Problem description:
Make an exact copy of all the entries, but do not reproduce the pictures.

Input records:
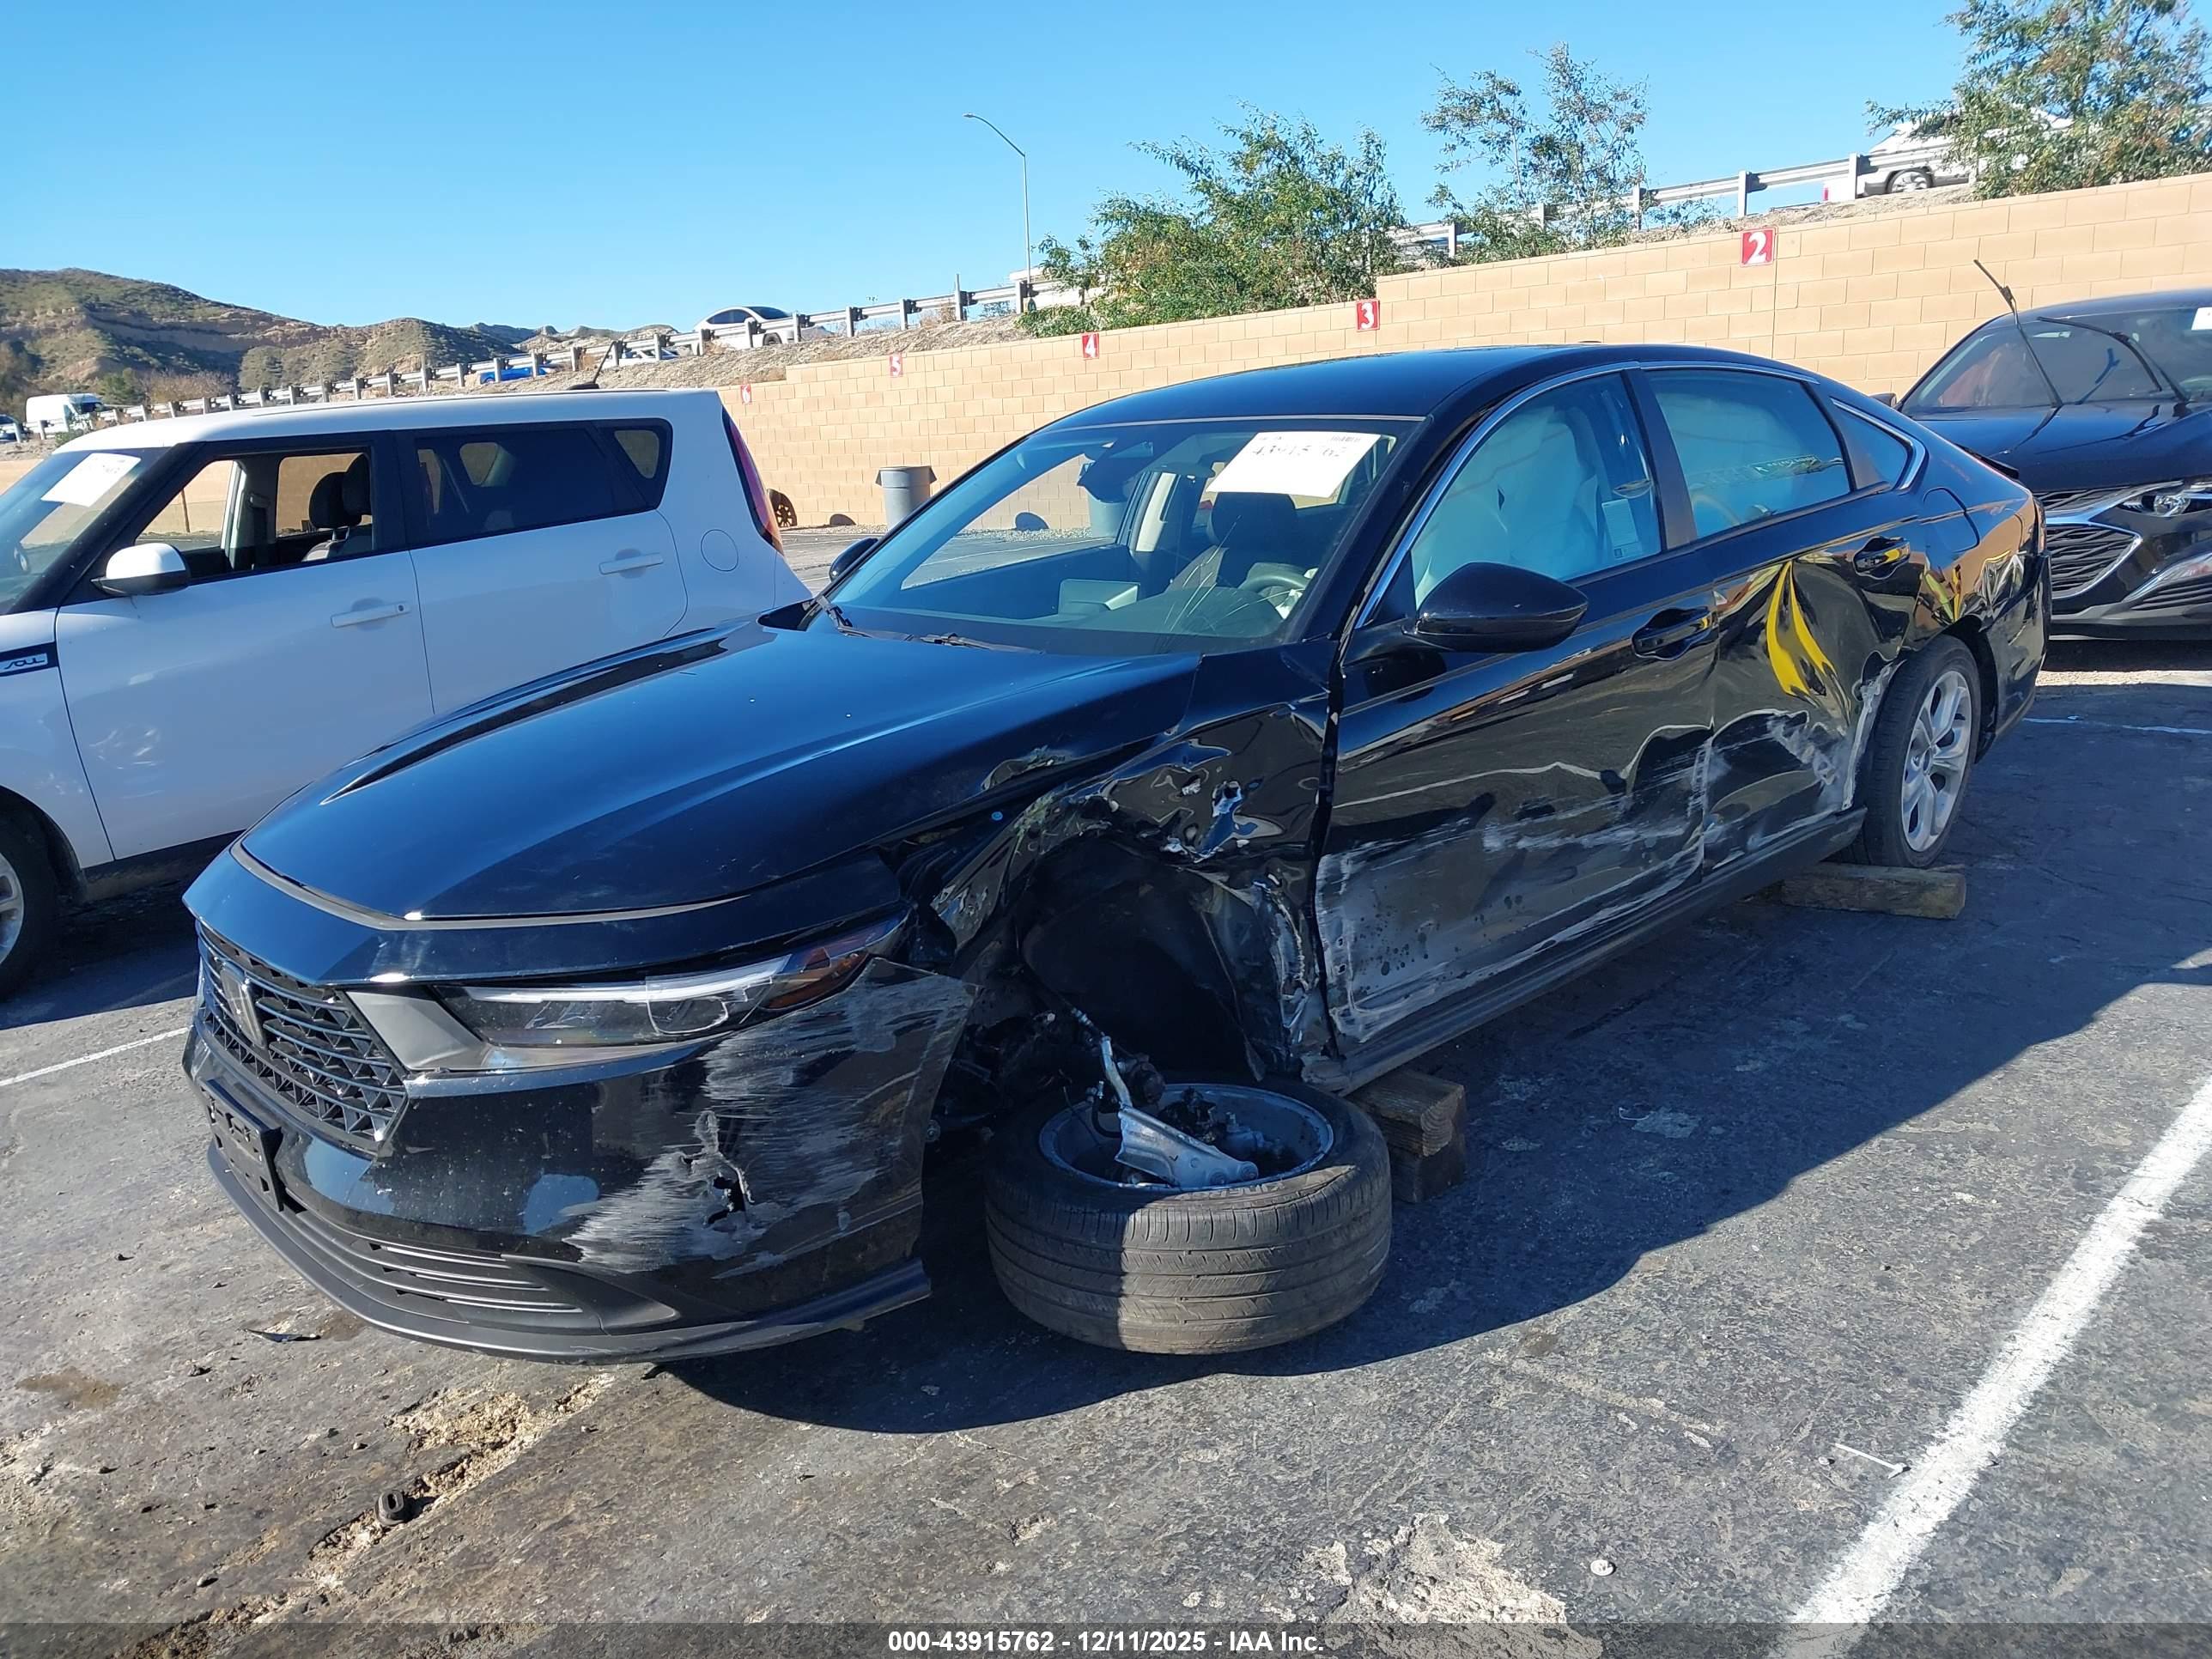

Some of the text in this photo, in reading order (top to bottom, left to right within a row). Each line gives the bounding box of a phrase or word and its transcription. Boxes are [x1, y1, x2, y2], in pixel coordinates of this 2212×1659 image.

[1747, 231, 1767, 264] 2
[1360, 301, 1374, 329] 3
[1085, 334, 1097, 357] 4
[891, 356, 901, 376] 5
[742, 386, 750, 404] 6

Solution below:
Some of the text in this photo, in reading order (top to bottom, left to right within a row). Each line gives the bounding box of a phrase or word and its transcription. Boxes are [x1, y1, x2, y2], in pixel coordinates of this 2212×1659 image.

[1747, 231, 1767, 264] 2
[1360, 301, 1374, 329] 3
[1085, 334, 1097, 357] 4
[891, 356, 901, 376] 5
[742, 386, 750, 404] 6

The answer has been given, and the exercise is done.